▶ GOAL OF THE EXERCISE: Return the full listing character for character, without its pictures.
(EXERCISE DATA)
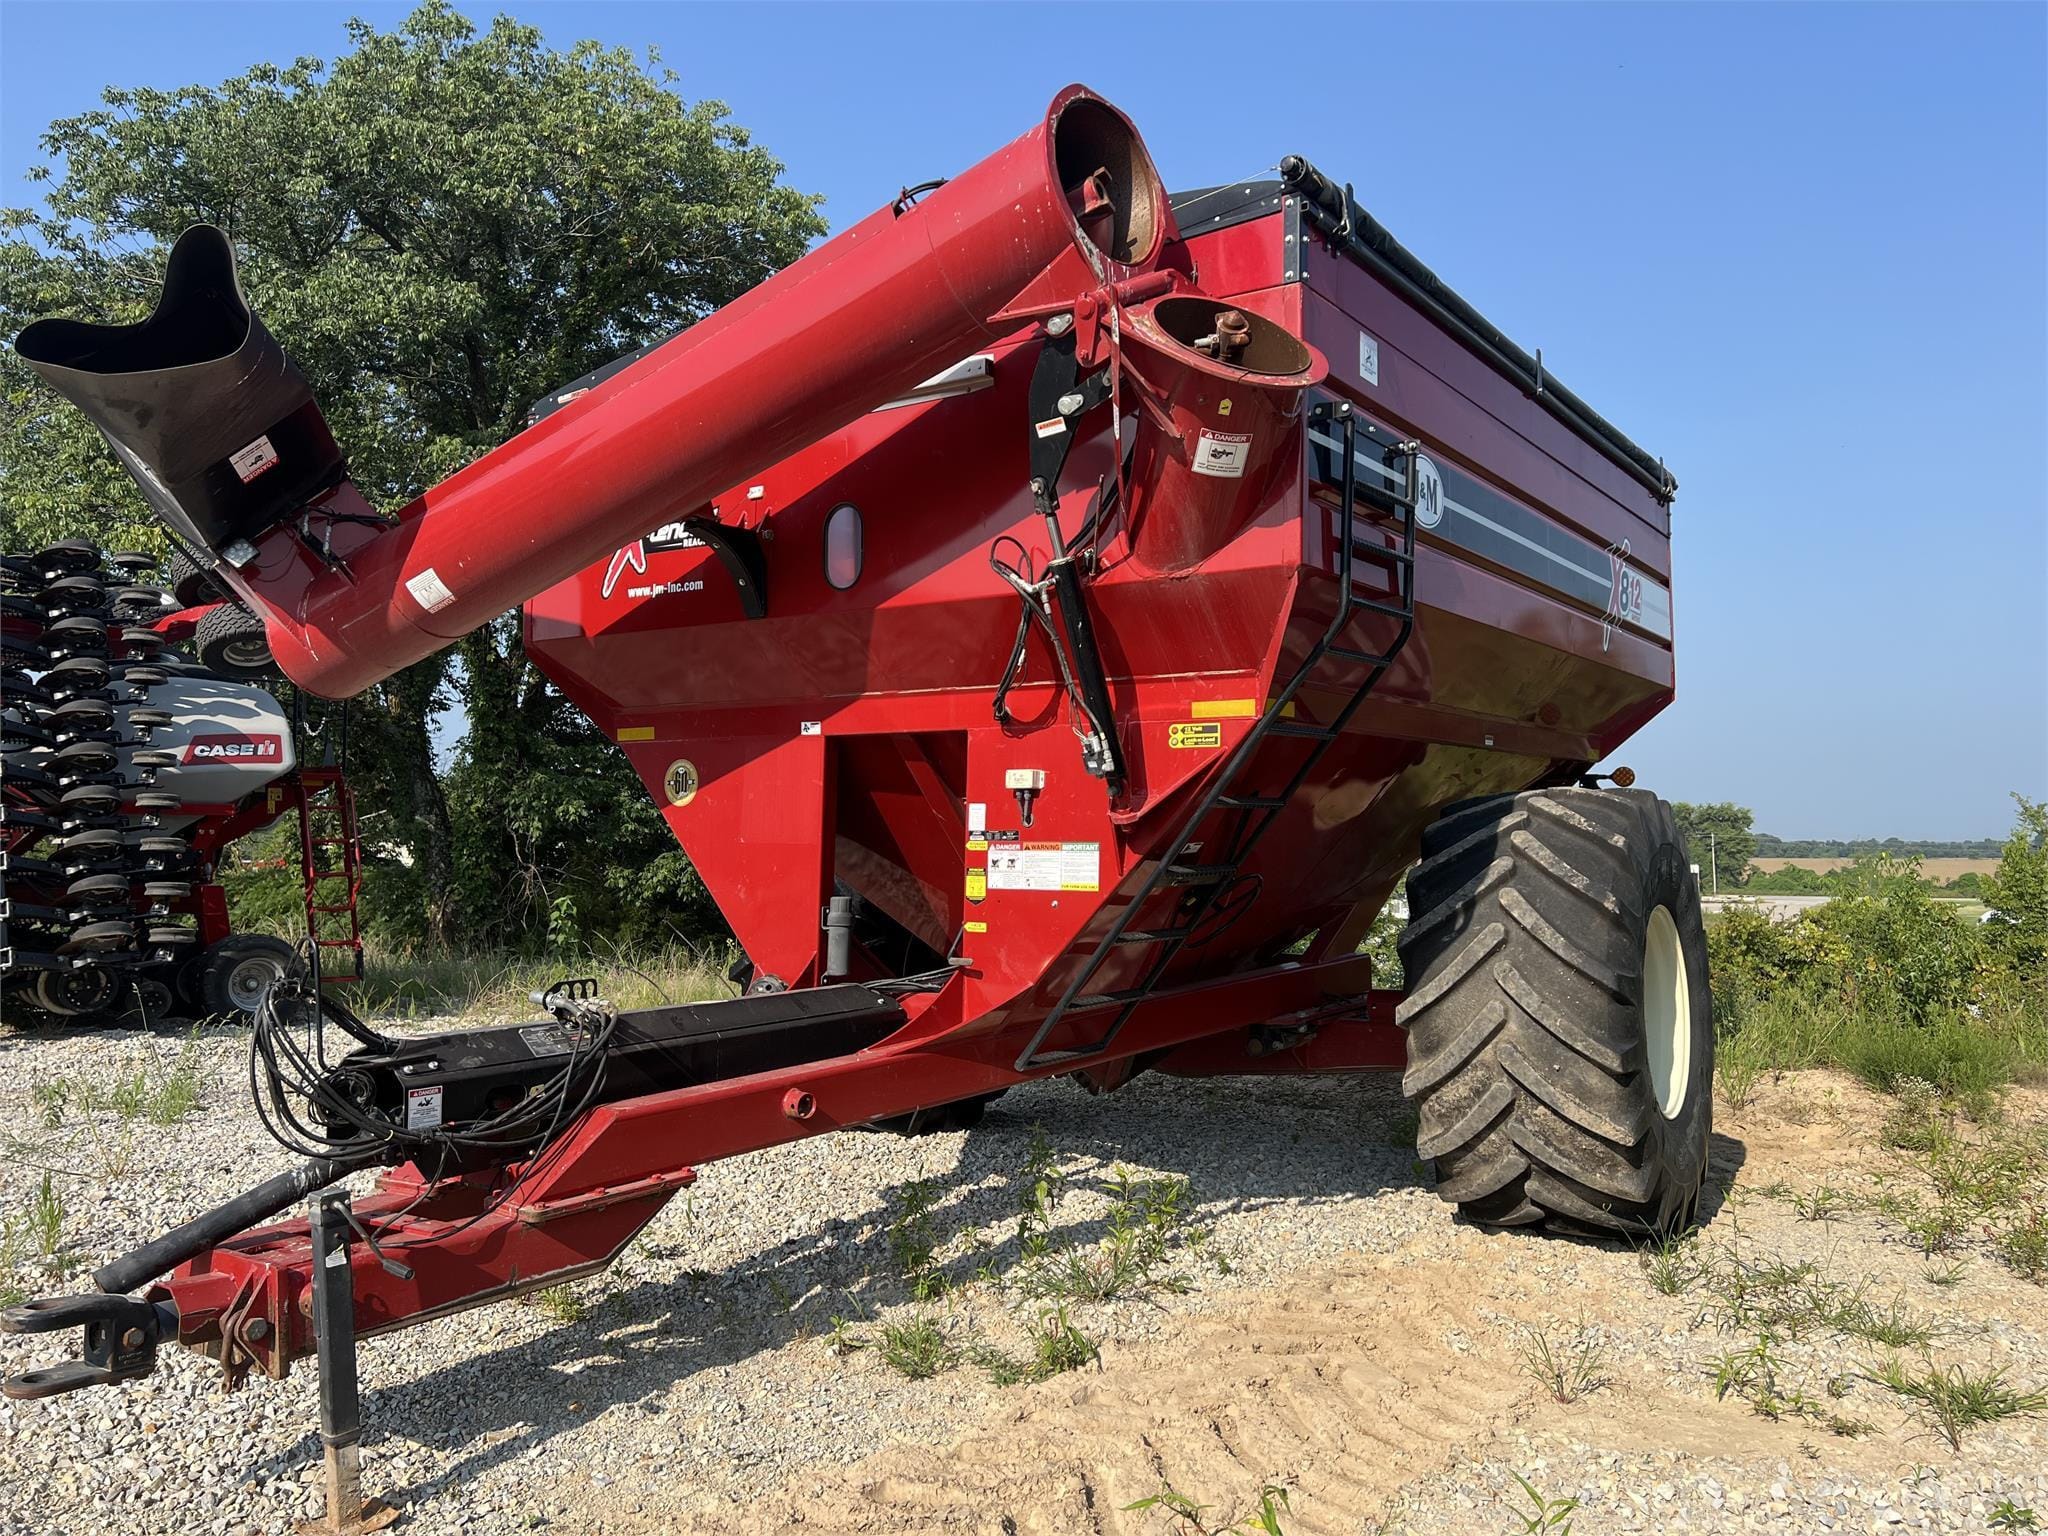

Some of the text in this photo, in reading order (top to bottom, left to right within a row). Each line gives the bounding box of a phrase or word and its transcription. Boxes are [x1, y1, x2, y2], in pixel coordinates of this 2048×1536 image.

[1214, 433, 1247, 442] DANGER
[194, 739, 276, 757] CASE IH
[1030, 843, 1060, 851] WARNING
[1061, 843, 1099, 851] IMPORTANT
[418, 1088, 440, 1096] DANGER
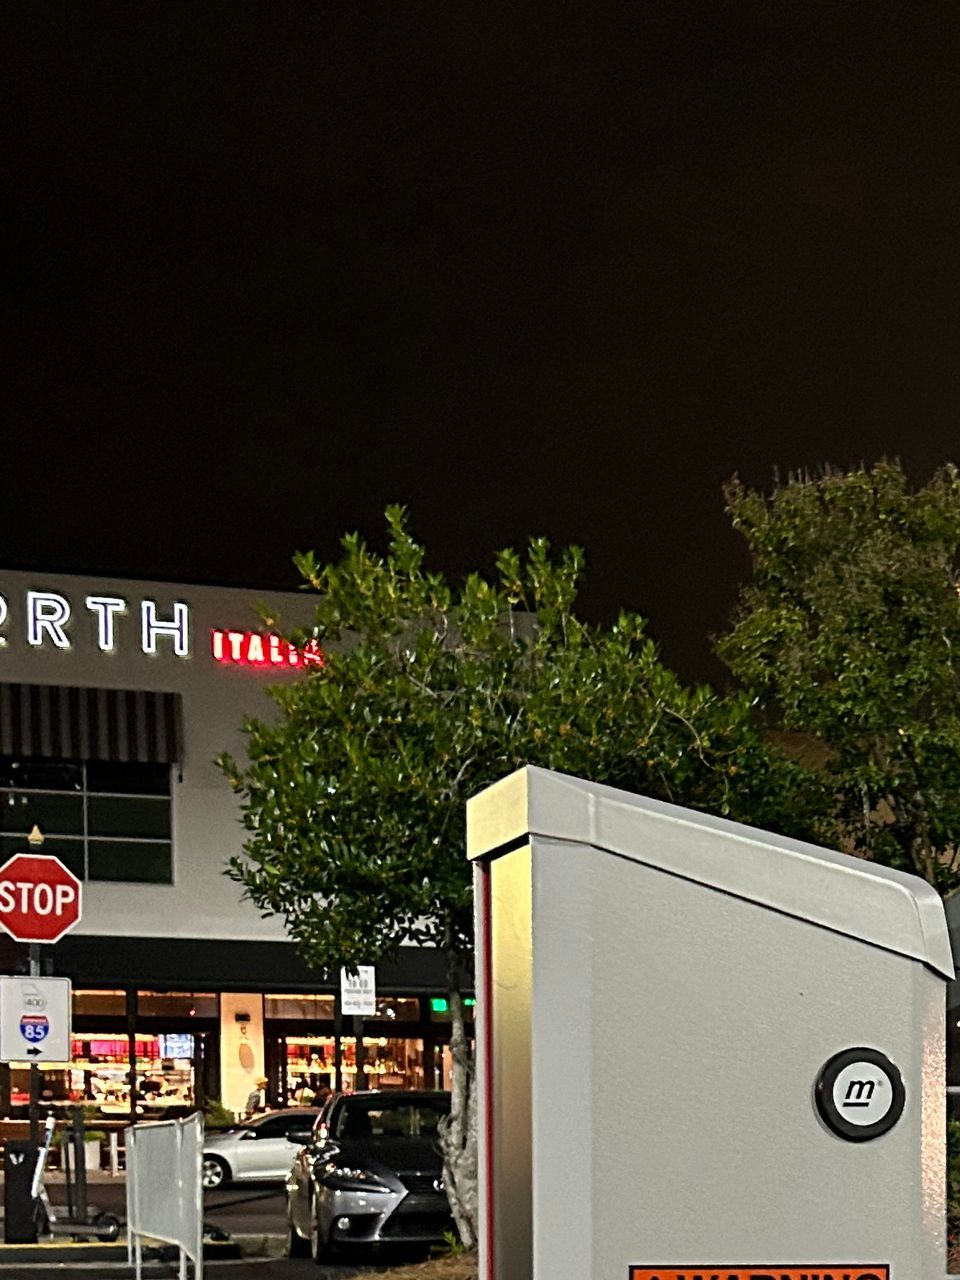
(End EXERCISE DATA)
▶ WRITTEN SOLUTION:
Some of the text in this photo, in reading order (top to bottom, left to right within a row). Each line gives the bounding box of a phrase or word and its transcription. Boxes are [x1, y1, x2, y2], in pixel coordinates of this 2048×1536 image.

[1214, 433, 1247, 442] DANGER
[194, 739, 276, 757] CASE IH
[1030, 843, 1060, 851] WARNING
[1061, 843, 1099, 851] IMPORTANT
[418, 1088, 440, 1096] DANGER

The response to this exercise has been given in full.